Curare l'obesità
guarisce il diabete

Curare la grave obesità in sala operatoria può guarire nello stesso paziente anche il diabete di tipo 2, quello legato proprio all'eccesso di peso e all'inattività fisica.

Curare la grave obesità in sala operatoria può guarire nello stesso paziente anche il diabete di tipo 2, quello legato proprio all'eccesso di peso e all'inattività fisica.

Lo dimostrano due studi indipendenti, di cui uno italiano, da poco pubblicati contemporaneamente sul New England Journal of Medicine, dove si spiega che la chirurgia per ridurre il peso (‘bariatricà) è in grado di sconfiggere anche il diabete.

«Da molti anni - dice Antonio Pontiroli, direttore cattedra di medicina interna all'Università degli Studi di Milano e presidente del Congresso nazionale Diabete-Obesità - si discute sull'efficacia della chirurgia bariatrica anche come cura per il diabete. Fino ad oggi si sapeva che è in grado di far scomparire il diabete, entro 2 anni dall'operazione, nell'82% delle persone molto obese e che nel 62% dei casi il diabete non ricompare dopo i 2 anni dall'intervento.

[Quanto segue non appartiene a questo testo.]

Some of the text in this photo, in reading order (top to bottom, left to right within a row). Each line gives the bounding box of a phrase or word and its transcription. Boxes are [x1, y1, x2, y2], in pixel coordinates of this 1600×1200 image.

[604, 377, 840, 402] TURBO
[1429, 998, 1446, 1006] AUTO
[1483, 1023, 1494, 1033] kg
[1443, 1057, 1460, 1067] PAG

Tanto è vero che le principali linee guida internazionali e italiane già includono l'intervent chirurgico tra le raccomandazioni dicura per le persone adulte con diabete tipo 2 e obesità grave».

I due studi appena pubblicati «sono particolarmente importanti, anche se non possiamo considerarli conclusivi - continua l'esperto - perchè per la prima volta confrontano, alla pari, gli effetti del bisturi con quelli dei farmaci».

L'unico dubbio ancora da risolvere «riguarda il tipo di intervento chirurgico. Entrambi gli studi sono stati condotti con operazioni particolarmente invasive, gravose, non sempre adatte a tutti. Questi dati andrebbero ulteriormente confermati da studi che adottino interventi meno impegnativi».

Ad oggi, in Italia, con la chirurgia bariatrica si curano poco più dell'l% dei pazienti che potrebbero trarne beneficio. Peggiore la situazione in altri Paesi: in Gran Bretagna, ad esempio, la percentuale è la metà (0,5%). Le ragioni, secondo Pontiroli, sono «le più varie: dalla scarsa conoscenza, alla riluttanza del paziente, all'inerzia terapeutica, alla mancanza di dati sufficientemente chiari e certi sulle possibilità di risultato. Oggi almeno, quest'ultima ragione sembrerebbe venire meno». (ANSA).